12. The Commission served the draft impact statement on the Director of Impact Statements Office, Environmental Protection Agency; the Chairman, Council for Environmental Quality; the Assistant Secretary for Systems Development and Technology, Department of Transportation; the Assistant Secretary for Environment and Urban Systems, Department of Transportation; and the Assistant Secretary for Health and Science Affairs, Department of Health, Education, and Welfare. See NEPA § 102(2) (C), 42 U.S.C. § 4332(2) (C). No comments were received from these officials, although the Regional Chief of the Environmental Protection Agency's Air Programs Branch testified at the February-March hearing.

13. ATA's basic concern, which motivated its intervention before the Commission, was the possible "approval of what it considers an erroneous assumption that diversion of traffic from railroads to trucks would automatically increase air pollution, either under the particular facts of this [case] or generally."

14. The shorter route would involve travel through very congested portions of Manhattan; the longer route, over the Verrazzano Bridge, would mean less travel in congested areas, although significant congestion would be encountered on this route in the vicinity of Bush Terminal.

15. Although the focal point of the environmental issue in this case has been air pollution, the Commission also found that there was little evidence that any substantial amount of soil, water, or noise pollution, or land pollution due to growth would result from the abandonment.

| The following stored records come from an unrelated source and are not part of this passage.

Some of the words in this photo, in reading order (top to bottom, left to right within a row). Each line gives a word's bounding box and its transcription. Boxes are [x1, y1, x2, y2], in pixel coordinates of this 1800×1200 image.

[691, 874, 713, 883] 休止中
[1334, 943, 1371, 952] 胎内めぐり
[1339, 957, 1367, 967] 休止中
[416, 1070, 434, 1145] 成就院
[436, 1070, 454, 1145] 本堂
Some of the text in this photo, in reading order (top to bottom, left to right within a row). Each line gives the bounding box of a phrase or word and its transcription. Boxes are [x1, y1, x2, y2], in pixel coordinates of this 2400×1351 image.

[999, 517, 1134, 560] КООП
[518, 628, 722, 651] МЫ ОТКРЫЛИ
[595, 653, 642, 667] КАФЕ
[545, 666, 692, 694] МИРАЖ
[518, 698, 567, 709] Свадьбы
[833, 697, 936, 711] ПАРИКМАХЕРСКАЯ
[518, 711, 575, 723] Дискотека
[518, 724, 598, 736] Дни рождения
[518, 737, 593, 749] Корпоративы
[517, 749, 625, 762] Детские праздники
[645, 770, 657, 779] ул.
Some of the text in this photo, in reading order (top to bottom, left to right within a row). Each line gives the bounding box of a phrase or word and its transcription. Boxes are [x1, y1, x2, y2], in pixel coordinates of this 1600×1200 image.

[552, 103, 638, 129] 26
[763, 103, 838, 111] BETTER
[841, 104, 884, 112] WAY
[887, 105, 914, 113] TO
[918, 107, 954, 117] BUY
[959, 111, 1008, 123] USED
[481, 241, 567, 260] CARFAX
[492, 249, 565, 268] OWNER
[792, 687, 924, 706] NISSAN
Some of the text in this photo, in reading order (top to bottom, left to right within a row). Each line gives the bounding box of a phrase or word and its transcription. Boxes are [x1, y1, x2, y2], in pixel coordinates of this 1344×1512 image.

It estimated that similar quantities of diesel fuel would be consumed whether rail or truck carrier were used. Finally insofar as § 102(2) (C) (iv) of NEPA requires long-term productivity to be evaluated, the Commission concluded "that the closing of businesses and reduction of employment for the unskilled will not enhance that long-term goal."

16. In this respect, it is of interest that, as a part of the legislative compromise which resulted in the final version of NEPA, the requirement of "a detailed statement by the responsible official" set forth in § 102(2) (C) was substituted for a requirement of "a finding by the responsible official." See 115 Cong.Rec. 29058 (Oct. 8, 1969) (emphasis added). The relevant Senate and House reports were prepared before this substitution was made; the Conference report in discussing § 102 does not comment on the change in language.See Conf.Rep. No. 91-765, 91st Cong., 1st Sess. (1969). NEPA's sponsor, Senator Jackson, in discussing this and other changes on the floor of the Senate, remarked:

The agreed-upon changes . . . would change the language of some of [102's] requirements, but their substance would remain relatively unchanged.

115 Cong.Rec. 29055 (Oct. 8, 1969).

17. More recently, the same court expressed the same thought in slightly different terms:

So long as the officials and agencies have taken the "hard look" at environmental consequences mandated by Congress, the court does not seek to impose unreasonable extremes or to interject itself within the area of discretion of the executive as to the choice of the action to be taken.

Natural Resources Defense Council, Inc. v. Morton, supra, 458 F.2d at 838. (footnotes omitted).

18. We thus have no occasion to consider the constitutional question suggested in 337 F. Supp. at 160.